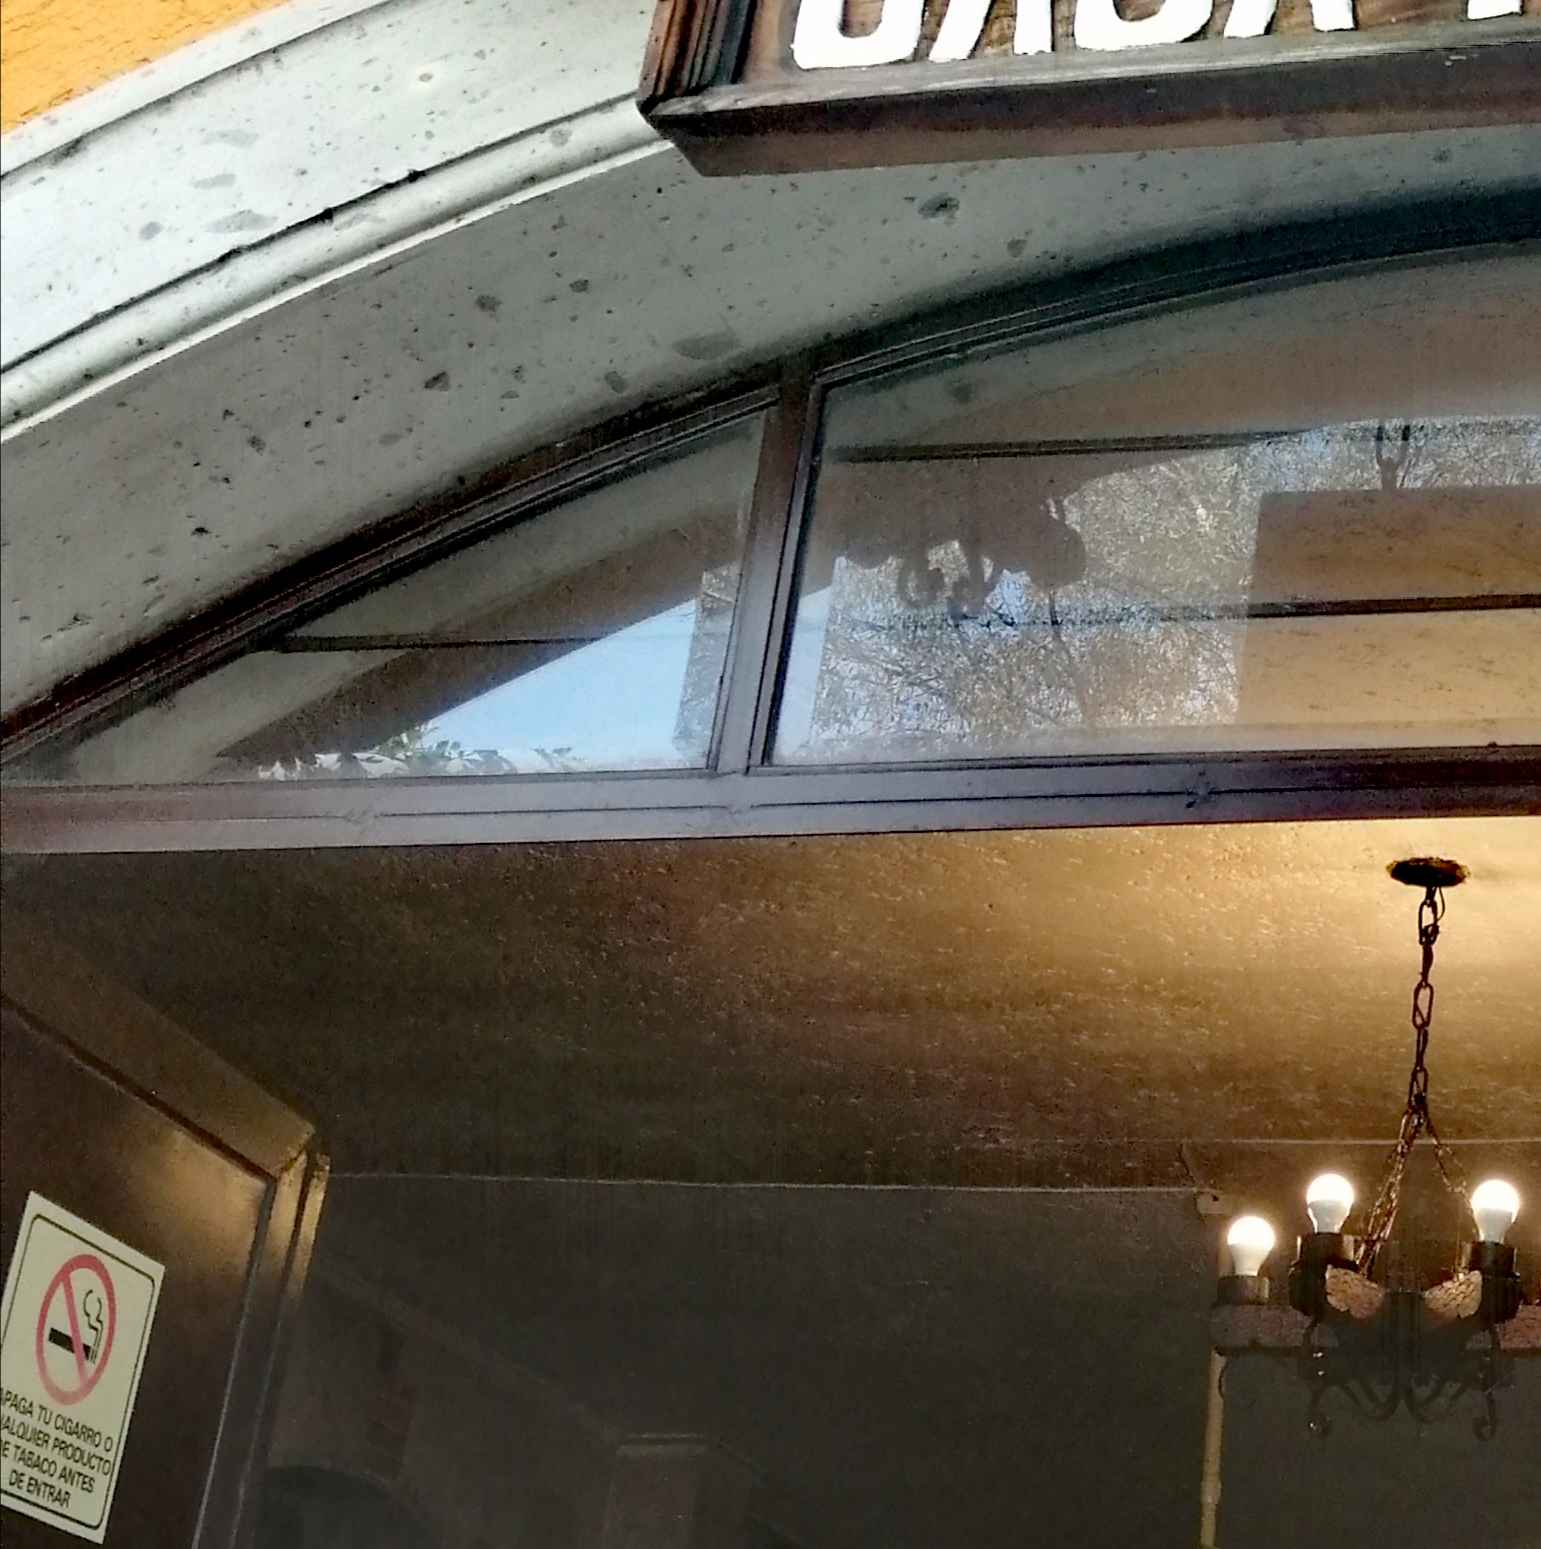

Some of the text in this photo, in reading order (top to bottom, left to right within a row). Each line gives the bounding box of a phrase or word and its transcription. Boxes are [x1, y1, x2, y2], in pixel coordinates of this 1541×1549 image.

[38, 1405, 53, 1425] TU
[54, 1414, 102, 1448] CIGARRO
[104, 1436, 113, 1452] O
[13, 1445, 57, 1477] TABACO
[58, 1465, 95, 1493] ANTES
[51, 1437, 111, 1476] PRODUCTO
[9, 1469, 71, 1508] DE ENTRAR

------------------------------------------------------------

Everything in the listing except the pictures must come back exactly as written.

EXERCISE ANSWER
Some of the text in this photo, in reading order (top to bottom, left to right within a row). Each line gives the bounding box of a phrase or word and its transcription. Boxes are [x1, y1, x2, y2], in pixel coordinates of this 1541×1549 image.

[38, 1405, 53, 1425] TU
[54, 1414, 102, 1448] CIGARRO
[104, 1436, 113, 1452] O
[13, 1445, 57, 1477] TABACO
[58, 1465, 95, 1493] ANTES
[51, 1437, 111, 1476] PRODUCTO
[9, 1469, 71, 1508] DE ENTRAR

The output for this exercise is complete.